Record excerpts START

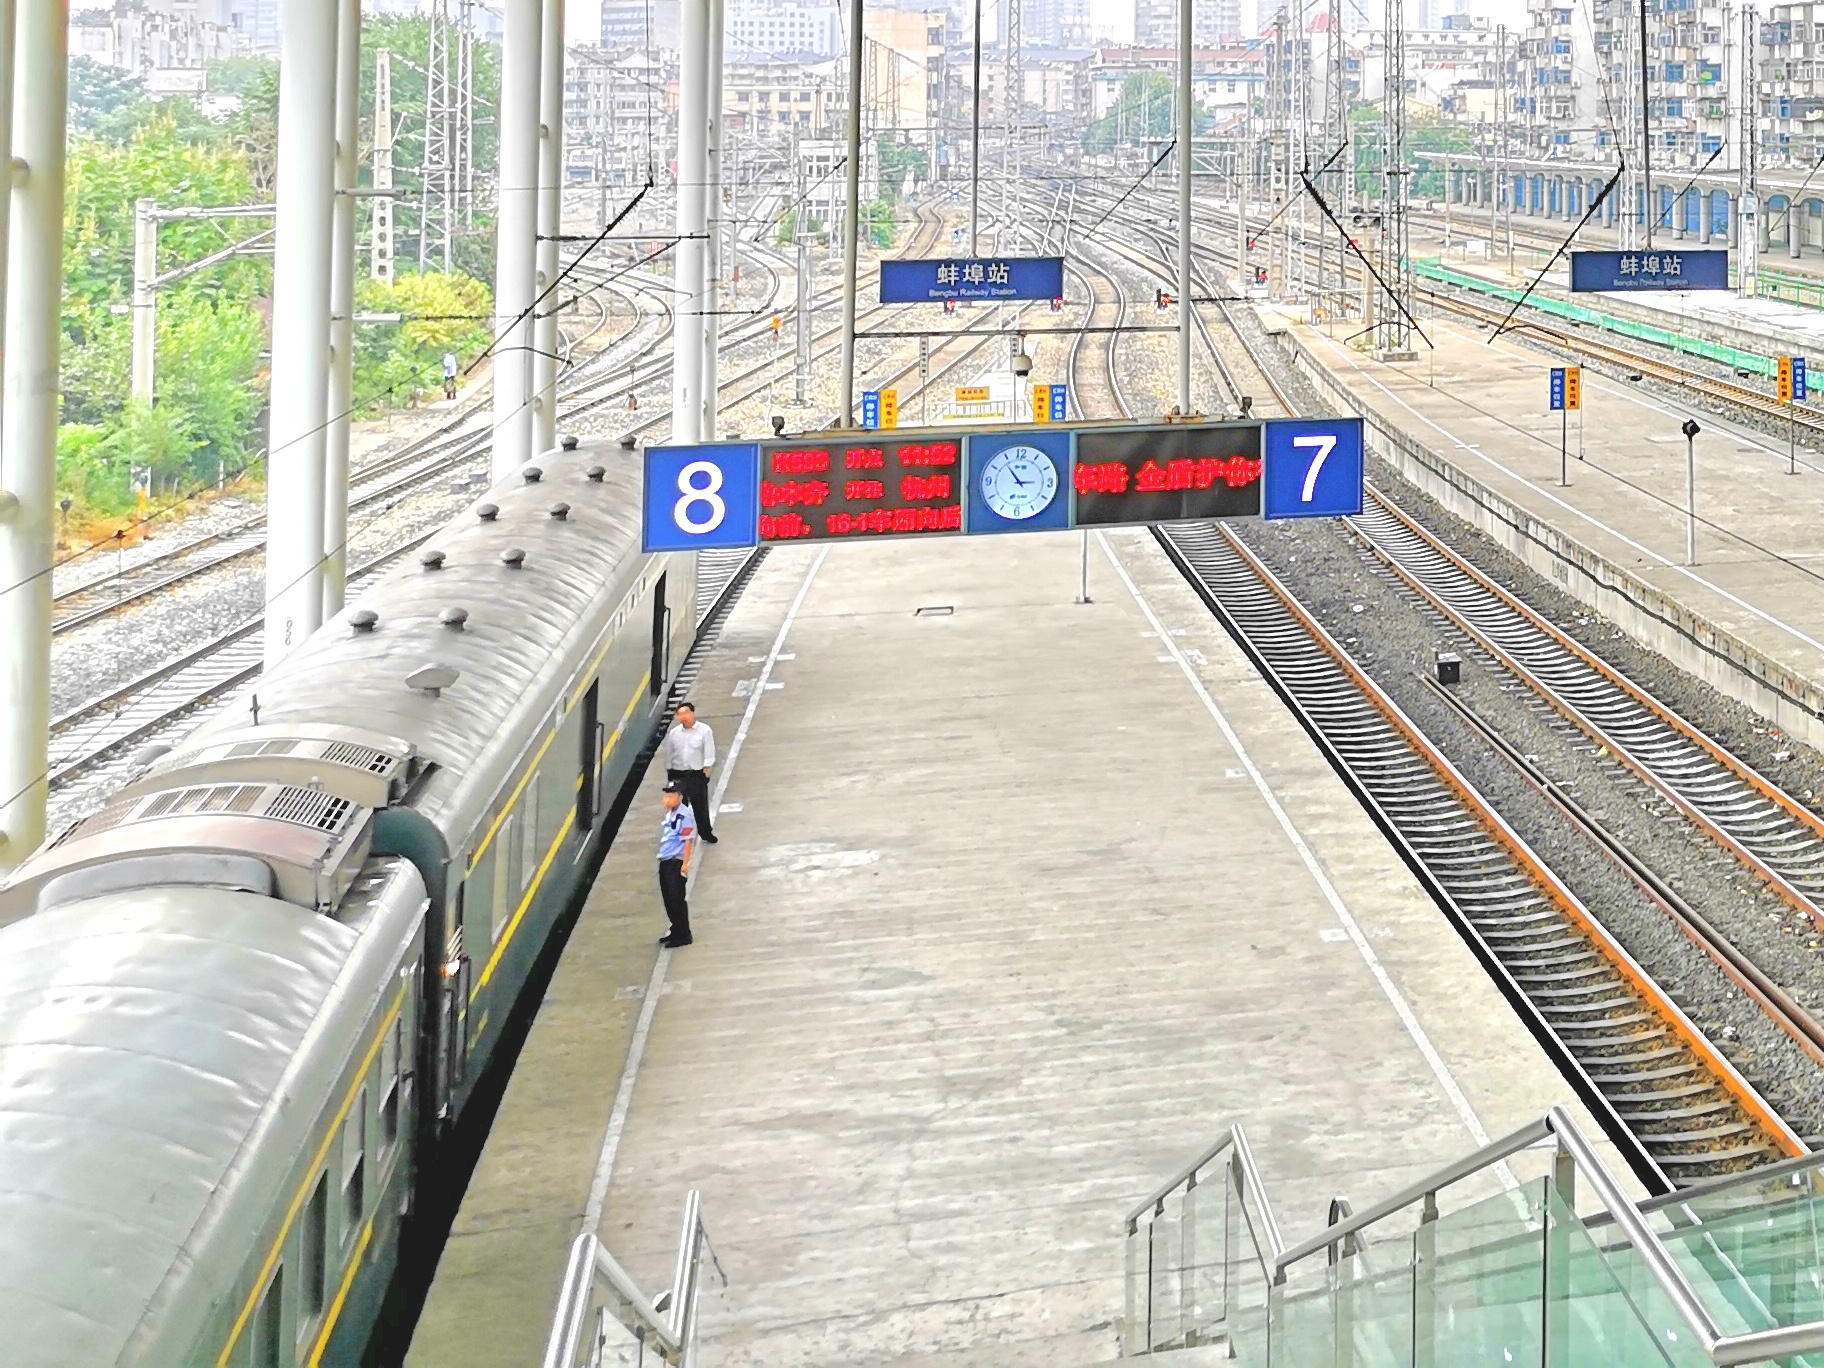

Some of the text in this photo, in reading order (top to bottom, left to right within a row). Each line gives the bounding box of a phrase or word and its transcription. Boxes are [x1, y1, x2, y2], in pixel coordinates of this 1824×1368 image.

[936, 262, 1010, 285] 蚌埠站
[1619, 255, 1682, 277] 蚌埠站
[1292, 435, 1338, 503] 7
[673, 461, 726, 534] 8

Record excerpts END

# [The problem]
Set down all of the entries exactly as they stand, without any image.

# [Expected answer]
Some of the text in this photo, in reading order (top to bottom, left to right within a row). Each line gives the bounding box of a phrase or word and its transcription. Boxes are [x1, y1, x2, y2], in pixel coordinates of this 1824×1368 image.

[936, 262, 1010, 285] 蚌埠站
[1619, 255, 1682, 277] 蚌埠站
[1292, 435, 1338, 503] 7
[673, 461, 726, 534] 8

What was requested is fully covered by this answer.